Partout dans le monde, le Bordelais, via le Conseil des grands crus classés de 1855, veut convertir les plus jeunes aux vins de la rive gauche.

Certains voudraient croire que le monde du vin se divise en deux. D’un côté, il y aurait de vieux producteurs, des gens d’un autre siècle vivant dans de sombres châteaux et réalisant des crus démodés. Face à eux, il y aurait des jeunes gens amateurs de cuvées aux appellations confidentielles, qui ne toucheraient jamais un verre de pauillac ou de margaux de peur que le simple contact avec ce jus ne fasse apparaître des rides sur leurs visages lisses. Foutaises ! Les plus jeunes peuvent aimer. Et vice versa.

Partant du principe que les étudiants des écoles professionnelles d’aujourd’hui seront les futurs sommeliers et maîtres d’hôtel de palaces, le Conseil des grands crus classés de 1855, animé par son président Philippe Castéja – l’une des personnalités les plus influentes du vignoble bordelais – et par Sylvain Boivert, ne cesse de les sensibiliser à la subtilité de ces cuvées.

Depuis une vingtaine d’années, l’association mise sur les vingtenaires avec des programmes spécifiques de formation. Le Conseil des grands crus a noué des liens forts avec la section sommelière du lycée hôtelier de Talence (33), le concours de meilleur sommelier du Japon, celui des meilleurs accords mets et vins de l’école de cuisine Ferrandi, et anime des conférences, des dégustations…

Prêcher la bonne parole

Le Conseil multiplie encore les partenariats avec les écoles hôtelières comme celle de Lausanne, avec l’université Cornell, aux États-Unis, et une dizaine d’autres institutions. Et reçoit dans les plus prestigieuses propriétés du Médoc, chaque année, plusieurs dizaines d’étudiants de l’Institut des Masters of Wine britannique. Dans un mondovino globalisé, les Bordelais ne sont pas les seuls à faire la promotion de leurs cuvées auprès de la jeunesse. La concurrence est même rude. Certains vins américains et de grands groupes internationaux associent leur présence dans les prestigieuses écoles suisses à des dotations, qui oscillent autour de 100.000 euros chaque année.

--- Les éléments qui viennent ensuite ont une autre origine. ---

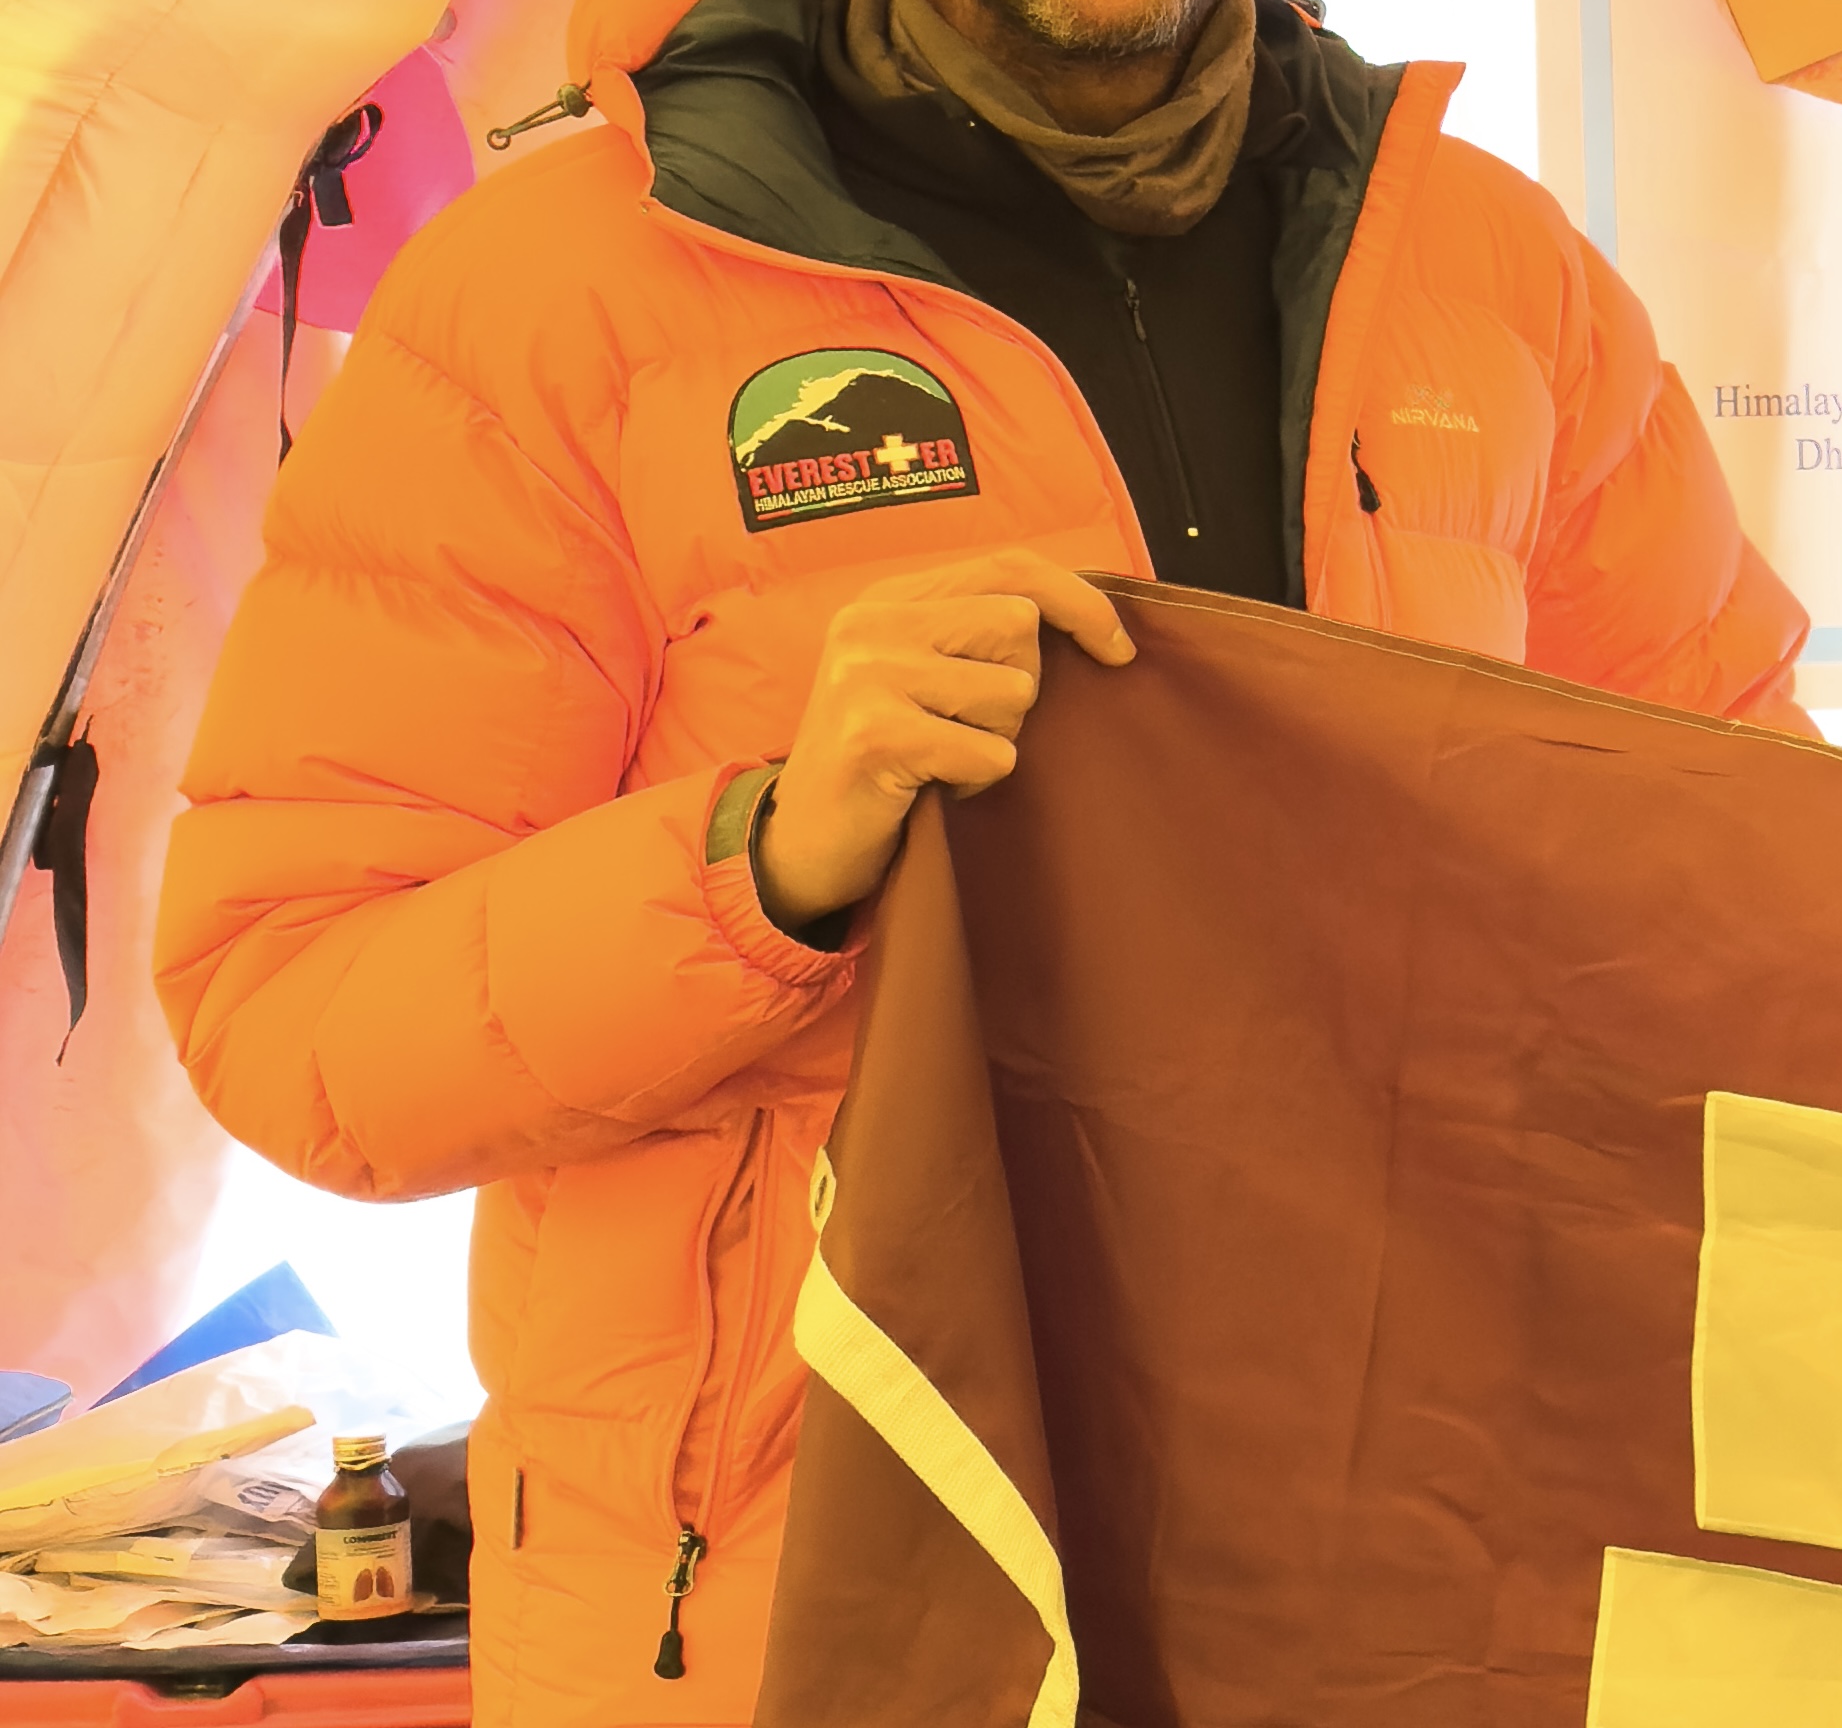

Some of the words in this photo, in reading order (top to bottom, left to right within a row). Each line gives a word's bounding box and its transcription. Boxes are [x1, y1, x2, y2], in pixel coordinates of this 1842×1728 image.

Le Conseil des grands crus classés, quant à lui, dispose d’autres atouts : les châteaux fournissent les indispensables vins et les propriétaires ou les directeurs se rendent en personne aux quatre coins du monde pour partager leur passion, raconter leur métier, prêcher la bonne parole. Les Bordelais touchent ainsi bon an mal an entre 2 000 et 3 000 étudiants. À Taïwan, le National Kaohsiung University of Hospitality and Tourism a fini par inscrire les noms des grands crus classés de Bordeaux sur les murs des salles de classe. Le travail de l’ombre finit par payer.